August 8, 2012
Kate Thompson has been offering heart-felt advice and sparklingly different wedding inspiration for ten years. She is married with two children, and often features in the national press. With her warm and caring nature and off-beat sense of humour, she'll answer every question with knowledgable insight and understanding to help and inspire or simply restore your peace of mind.
Is there a correct way to invite your friend to the entire wedding but only invite their partner to the evening party?
I’ve got lots of friends whose partners I don’t know and I can’t really afford to invite them all to the wedding breakfast.
I’m not sure how to word this without offending anyone.
What would you advise?
I think your friends will completely understand – weddings can be an expensive business without inviting people you don’t know.

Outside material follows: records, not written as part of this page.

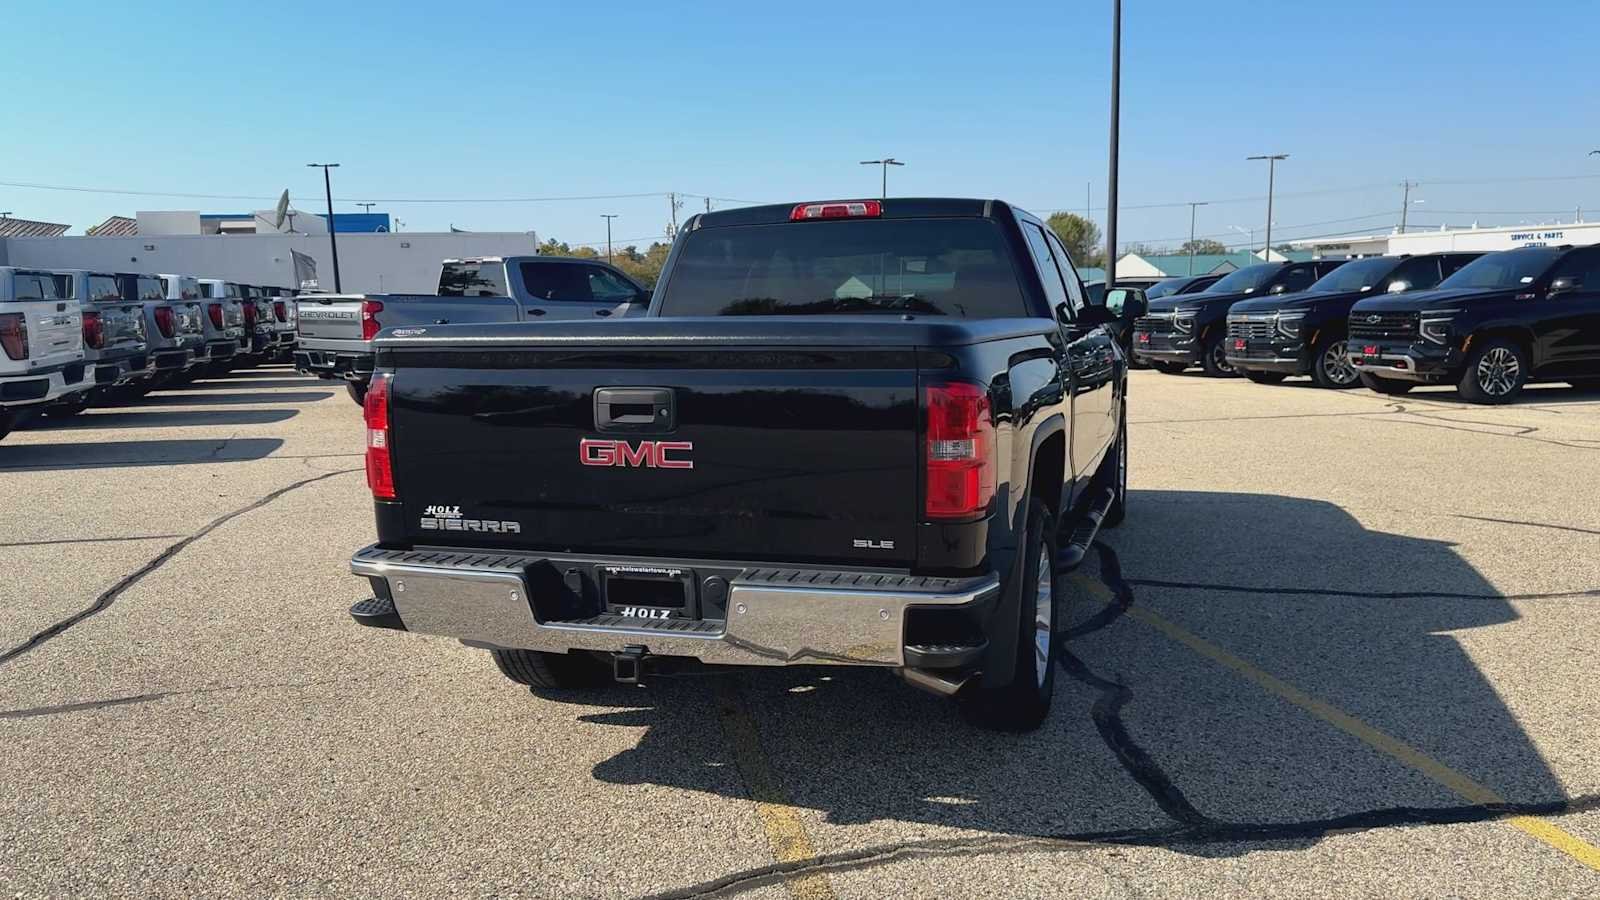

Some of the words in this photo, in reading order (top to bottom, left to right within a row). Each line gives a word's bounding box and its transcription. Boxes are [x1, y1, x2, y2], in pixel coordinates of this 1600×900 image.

[299, 311, 355, 320] CHEVROLET
[580, 438, 694, 469] GMC
[424, 505, 463, 515] HOLZ
[420, 517, 521, 534] SIERRA
[853, 539, 895, 549] SLE
[621, 607, 671, 620] HOLZ

You could contact all your friends individually and explain the situation. I’m sure that because you are doing it personally and honestly, they will understand and will just be very happy to share any part of the day with you.
The second way would be for you to include a note/message in the invitation. Here is just one suggestion:
It is with deep regret that
Are unable to invite everyone they wanted
To join in their wedding celebrations, due to number and cost restrictions
It is with their sincere apologies and greatest hopes that you will understand the reasoning for this.
(Guests name) will therefore be invited to the evening celebrations only, and we would love to see him/her at the ceremony if they are able to attend.
Thank-you for your understanding
Don’t be offended if people come to the evening ‘do’ but not the ceremony. They might not want to wait around all afternoon while you all enjoy the wedding breakfast.